13 Şubat 2020 Perşembe

Hakikatin Özü Üzerine


Heidegger – Hakikatin Özü Üzerine

1) Öze ilişkin soru (…) dikkatine her hakikati hakikat olarak nişanlayan şeye yöneltir.
(Doğru, gerçek gibi pratiklere/eylem alanına daha yakın kavramlar, hakikate ilişkin sorgulamada kenara itilmeli, çünkü)
Sağduyu somut [elle tutulur] yarar talebinde ısrarcıdır…

4) Bununla birlikte, felsefe sağduyuyu asla çürütemez; çünkü o felsefenin dili karşısında sağırdır. (çünkü)
Sağduyu felsefe tarafından özebakışın önüne konulan hiçbir şeyi görmez.

6) Hakikatin ne olduğunun sorulması zorunluysa, o zaman bugün nerede durduğumuz sorusunun cevaplanması isteniyor demektir.

8) …hakikat sözcüğü, hakiki olanı hakiki yapan şeyi ifade eder.

Sahte altın gerçekte göründüğü şey değildir. Bu sadece bir görünüştür / benzeşimdir ve bu nedenle gerçek değildir.
Ama altın gibi görünen şey yine de gerçek olan bir şeydir.
(bu nedenle hakikat sorgusu “gerçek” ve “doğru” kavramlarından daha üst bir kategoridir)

Hakiki olan, ister hakiki bir şey ister hakiki [doğru] bir önerme olsun, uygun düşen şeydir.

Hakiki olan gerçek olandır.
Sahte (…) gerçekte göründüğü şey değildir.

12) …hakikat kavramının yaygın formülünü en yakın (Ortaçağ) kaynağına geri götürmek zorundayız.
Adaequatio rei ad intellectum / eşyanın idrake uygunluğu… Kant'ın geç bir dönemin ürünü olan ve ancak insan doğasının öznelliği temelinde mümkün bulunan eşya kendisini bizim bilgimize uyarlar biçimindeki transandantal düşüncesi anlamına gelmemektedir…

Eğer tüm varolan bir yaratılmış ise, insani bilginin hakikati imkânı, şey ve önermenin aynı tarzda ideaya uygun olmaları ve bu nedenle ilahi yaratış planının birliği temelinde birbirlerine uyumlu bulunmaları üzerine müesses olur.

Adaequatio rei (creandea) ad intellectum (divinum) olarak veritas, adaequatio intellectus (humani) ad rem (creatam) olarak veritas'a güvence verir.
Yaratılmış şeyin ilahi akla uygunluğu/benzerliği olarak hakikat, insan idrakinin yaratılmış şeye / nesne uygunluğu / benzerliği olarak hakikate güvence verir.
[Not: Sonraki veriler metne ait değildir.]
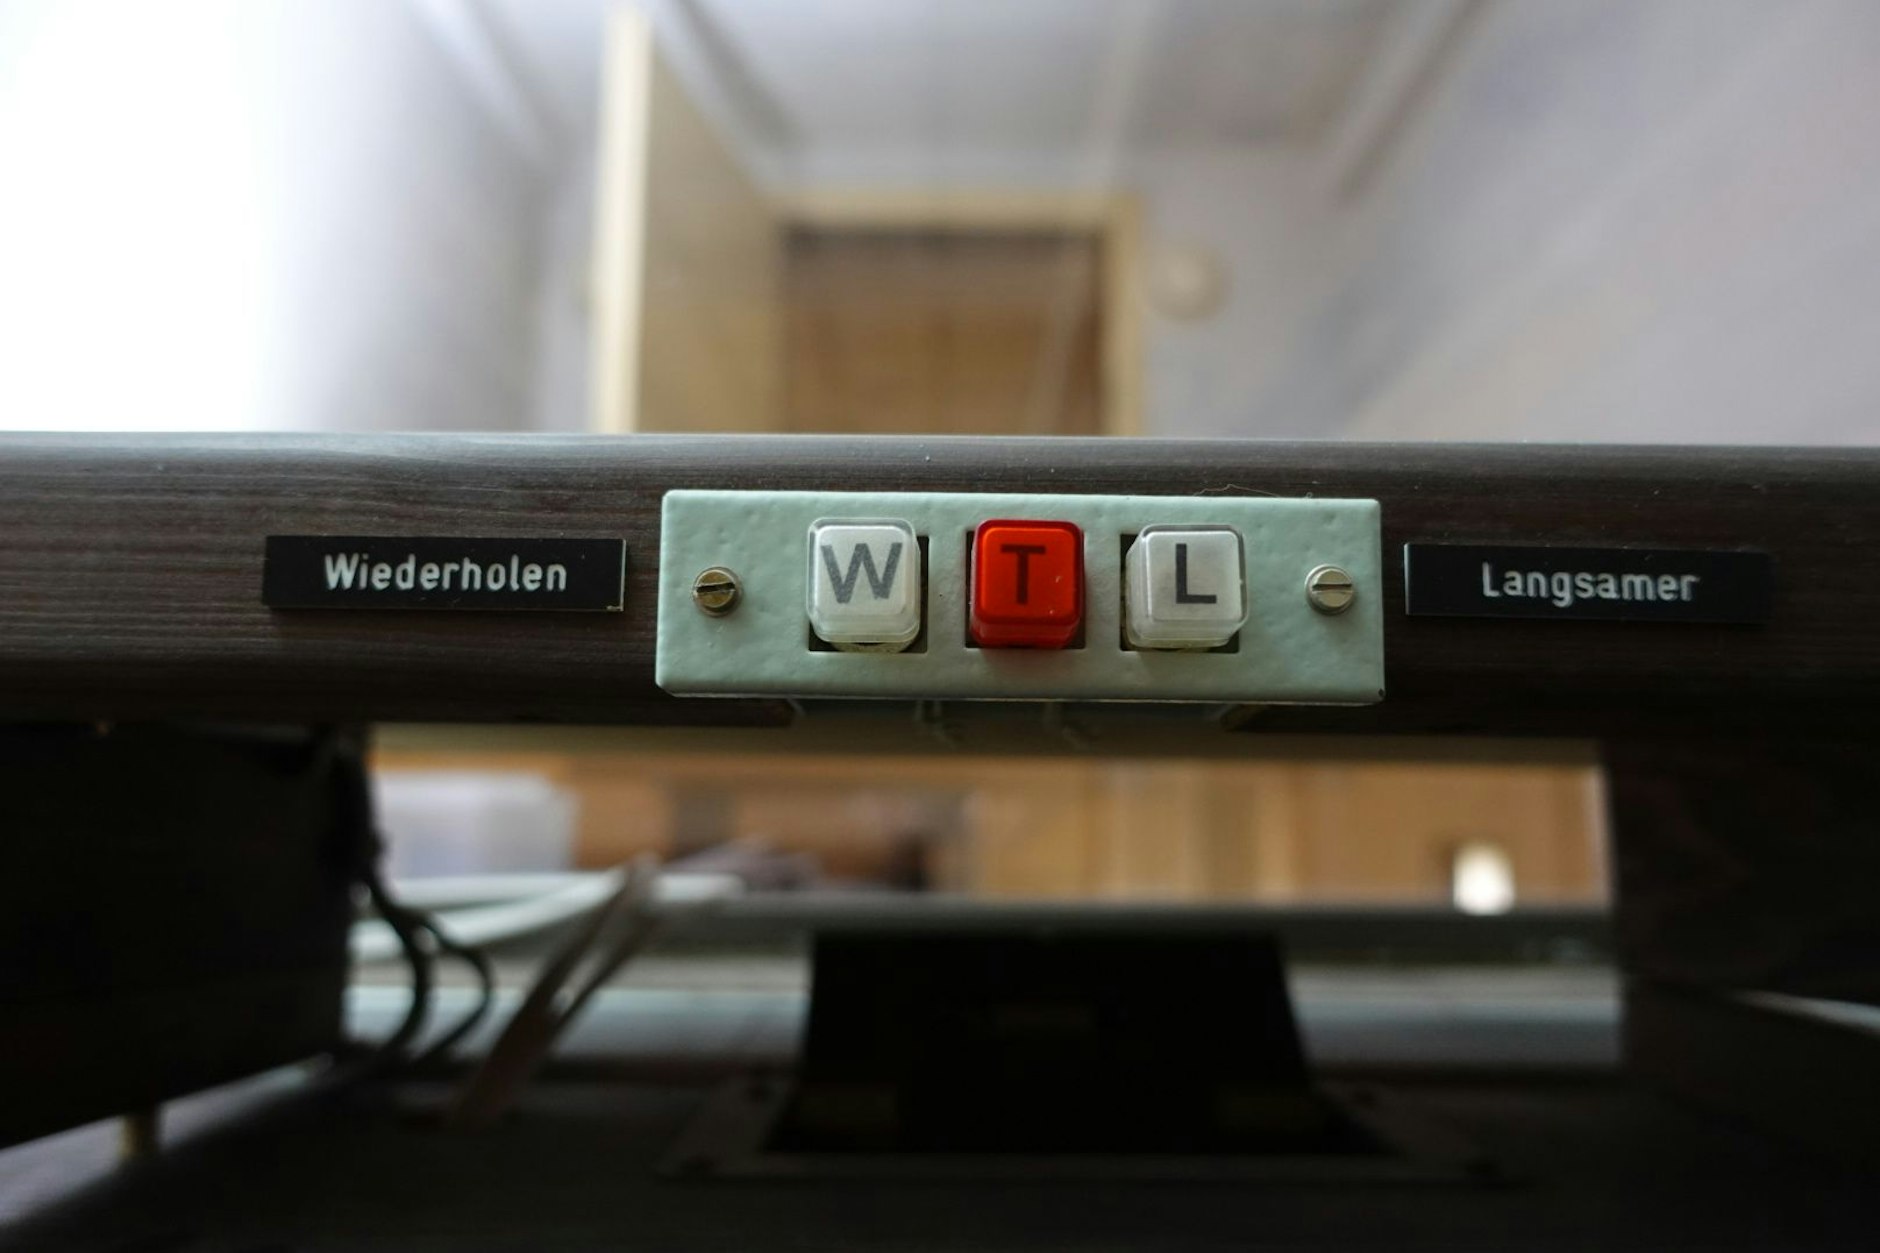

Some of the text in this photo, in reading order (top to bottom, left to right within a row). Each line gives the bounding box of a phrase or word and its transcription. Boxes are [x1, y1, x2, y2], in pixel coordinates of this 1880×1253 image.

[324, 552, 568, 592] Wiederholen
[820, 541, 903, 605] W
[1000, 543, 1047, 606] T
[1174, 542, 1218, 605] L
[1481, 561, 1701, 608] Langsamer
13) …nesnelerin, kendisini yasa olarak dayatan dünyevi akıl tarafından planlanabilirliği, (…) Yaratılış düzeninin yerini almaktadır; bu yüzden de kendi yönteminin (“mantıklı” sayılan şey) dolaysız anlaşılırlığı iddiasındadır.
Önermesel hakikatin özü… ifadenin doğruluğundan ibaret…
Önermenin hakikat-dışılığı (yanlışlık) ifadenin şey ile uzlaşmazlığıdır.
Hakikat-dışılık her defasında bir uygun düşmeme olarak kavranabilir. Bu, hakikatin özünün dışında kalır.
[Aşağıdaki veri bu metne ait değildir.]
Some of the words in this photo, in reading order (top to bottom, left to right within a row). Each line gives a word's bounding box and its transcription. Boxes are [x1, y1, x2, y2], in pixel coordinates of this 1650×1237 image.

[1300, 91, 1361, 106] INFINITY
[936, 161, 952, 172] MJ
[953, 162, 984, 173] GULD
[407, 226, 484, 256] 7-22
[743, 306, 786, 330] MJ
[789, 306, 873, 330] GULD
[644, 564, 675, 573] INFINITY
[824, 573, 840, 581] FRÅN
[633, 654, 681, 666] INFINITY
15) (Bu bozukluk yuvarlaktır)
…şey ile ifadenin uzlaşımı nereden ileri gelmektedir?
…ifade, nasıl olur da kendisini paraya uyarlayabilir?
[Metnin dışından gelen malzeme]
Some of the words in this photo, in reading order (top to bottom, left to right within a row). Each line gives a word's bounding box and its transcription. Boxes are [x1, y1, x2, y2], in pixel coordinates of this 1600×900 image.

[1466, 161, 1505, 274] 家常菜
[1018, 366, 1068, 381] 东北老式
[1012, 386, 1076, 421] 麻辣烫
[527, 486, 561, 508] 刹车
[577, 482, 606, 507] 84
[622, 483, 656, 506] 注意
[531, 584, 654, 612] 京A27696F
19) Hakikat ilksel olarak önermeyi yurt edinmemiştir.

20) İfadenin doğruluğu olarak anlaşıldığında, hakikatin özü, özgürlüktür.

21) …özgürlük hakikatin kendisinin özüdür.

23) Sahtelik ve ikiyüzlülük, yalan ve aldatma, hile ve muvazaa, kısacası hakikat-dışılığın tüm türleri kuşkusuz insana izafe olunur.

24) Özgürlük insanın bir niteliğidir. Özgürlüğün Özü daha fazla sorgulanmayı gereksinmediği gibi buna sabır da göstermez. İnsanın ne olduğunu herkes bilir.

26) …bir faaliyetten vazgeçtiğimizde, oluruna bırakmaktan söz ederiz.
…oluruna bırakma bir şeyden sarfınazar etmenin, bir şeyden feragatin, kayıtsızlığın, dahası hiçbir şey yapmamanın olumsuz anlamına sahip.

27) Bununla birlikte, varolanı oluruna bırakmanın karşılığı olarak gerekli olan sözcük, yapmama ve kayıtsızlık değil, bunların karşıtıdır. Oluruna bırakmak varolana kendini teslim etmektir.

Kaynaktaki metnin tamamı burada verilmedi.